An diesem Tag muss er ganz in der Nähe des Fensters gesessen haben, denn in seinen Augen spiegelte sich das Licht, das von draußen hereinfiel. »Du befindest dich jetzt noch im Grenzgebiet, aber wenn du ins reale Leben zurückkehrst, wird dir alles verändert vorkommen und du wirst dich an das Neue gewöhnen müssen, wie einer, der aus der Verbannung zurückkommt«, hatte er dir erklärt. Dann hatte er versucht, die Situation anhand seiner eigenen Geschichte zu verdeutlichen, die so ganz anders als deine war, und du hattest bezweifelt, dass man da überhaupt Parallelen finden konnte.
Ruben war zwanzig gewesen, als man ihn aus einem Blechhaufen auf der Autobahn gezogen hatte. »Du kennst doch diese Horrornachrichten aus dem Fernsehen, über die schrecklichen Unfälle am Wochenende und die Aufzählung der Toten und Verletzten? Tja, wenn man das hört, denkt man natürlich nicht daran, dass es mal einen selbst treffen könnte, aber dann bist du auf einmal mittendrin in diesem Inferno, eingeklemmt zwischen zwei Autowracks und die Feuerwehr muss dich herausschneiden. In diesem Moment verschwindest du aus deinem Leben, wirst ein Anderer, ein Verbannter.«
Deine Augen sind geschlossen, die Musik hüllt dich ein, du bist irgendwo zwischen Dämmern und Tiefschlaf und in deinem Kopf vermischen sich Vision und Erinnerung.

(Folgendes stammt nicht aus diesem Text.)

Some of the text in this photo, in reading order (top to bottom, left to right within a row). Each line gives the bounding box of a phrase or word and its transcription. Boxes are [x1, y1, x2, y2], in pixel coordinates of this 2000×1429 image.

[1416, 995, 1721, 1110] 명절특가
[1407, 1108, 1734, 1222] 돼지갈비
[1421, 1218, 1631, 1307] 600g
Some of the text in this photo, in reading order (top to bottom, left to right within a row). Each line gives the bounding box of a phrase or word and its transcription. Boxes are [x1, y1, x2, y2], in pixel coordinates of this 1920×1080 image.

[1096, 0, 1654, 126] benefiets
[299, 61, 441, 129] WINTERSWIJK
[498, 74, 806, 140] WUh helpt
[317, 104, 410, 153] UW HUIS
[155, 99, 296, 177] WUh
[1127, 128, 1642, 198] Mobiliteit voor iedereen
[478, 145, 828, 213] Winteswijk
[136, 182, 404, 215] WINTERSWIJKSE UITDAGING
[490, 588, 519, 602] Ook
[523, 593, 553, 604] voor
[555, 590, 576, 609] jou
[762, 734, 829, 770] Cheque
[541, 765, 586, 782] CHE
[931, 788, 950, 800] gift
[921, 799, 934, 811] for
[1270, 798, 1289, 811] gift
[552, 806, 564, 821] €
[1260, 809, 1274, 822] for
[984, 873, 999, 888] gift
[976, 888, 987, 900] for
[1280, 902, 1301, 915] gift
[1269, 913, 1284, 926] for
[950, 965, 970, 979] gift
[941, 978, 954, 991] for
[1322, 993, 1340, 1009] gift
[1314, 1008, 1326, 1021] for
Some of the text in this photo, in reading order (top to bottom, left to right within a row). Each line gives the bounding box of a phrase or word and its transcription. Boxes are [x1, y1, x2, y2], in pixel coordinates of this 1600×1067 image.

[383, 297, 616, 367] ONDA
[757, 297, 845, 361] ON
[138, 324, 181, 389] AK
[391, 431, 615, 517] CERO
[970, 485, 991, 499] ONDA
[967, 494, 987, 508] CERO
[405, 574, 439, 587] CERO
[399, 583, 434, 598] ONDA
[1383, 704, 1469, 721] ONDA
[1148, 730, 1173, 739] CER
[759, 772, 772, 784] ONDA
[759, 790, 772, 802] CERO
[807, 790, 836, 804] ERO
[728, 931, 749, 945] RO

Rubens Stimme spricht in deinem Kopf, aber die Gedanken sind deine eigenen, du denkst noch mal über das nach, was er gesagt hat: »Wir sind Verbannte.«
Ja, wir sind Verbannte, wir leben zwar in der gleichen Welt wie die anderen, gehen aber einen Mittelweg, wie jene, die ihr Zuhause verlassen müssen und nicht mehr zurückkehren können, die von einem Land zum anderen ziehen, deren Erinnerungen aber immer wieder nach Hause und zu ihrer Familie zurückwandern. Die Verbannten passen sich an das Leben in der Fremde an, sie lernen die Sprache, machen sich die dortigen Sitten und Gebräuche zu eigen, aber sie leben nur für den Moment der Rückkehr in die Heimat. Und auch wenn sie die fremde Sprache fließend beherrschen, sich wie die Einheimischen kleiden und sich perfekt integrieren, wird etwas in ihnen immer fremd bleiben, man wird ihnen immer anmerken, dass sie Verbannte sind. Es ist ein Stigma. Ein leichter Akzent, eine etwas übertriebene Geste, und die anderen wissen sofort, dass sie anders sind. Vielleicht braucht es das nicht einmal, vielleicht genügt allein schon der Ausdruck in den Augen der Verbannten, die Sehnsucht nach der verlorenen Heimat, die sich in ihr Gesicht malt und sich nicht abwaschen lässt, nicht einmal mit einem Meer von Tränen. Diese Sehnsucht ist es, die bisweilen Rubens Blick verschleiert und Trauer über sein Lächeln legt.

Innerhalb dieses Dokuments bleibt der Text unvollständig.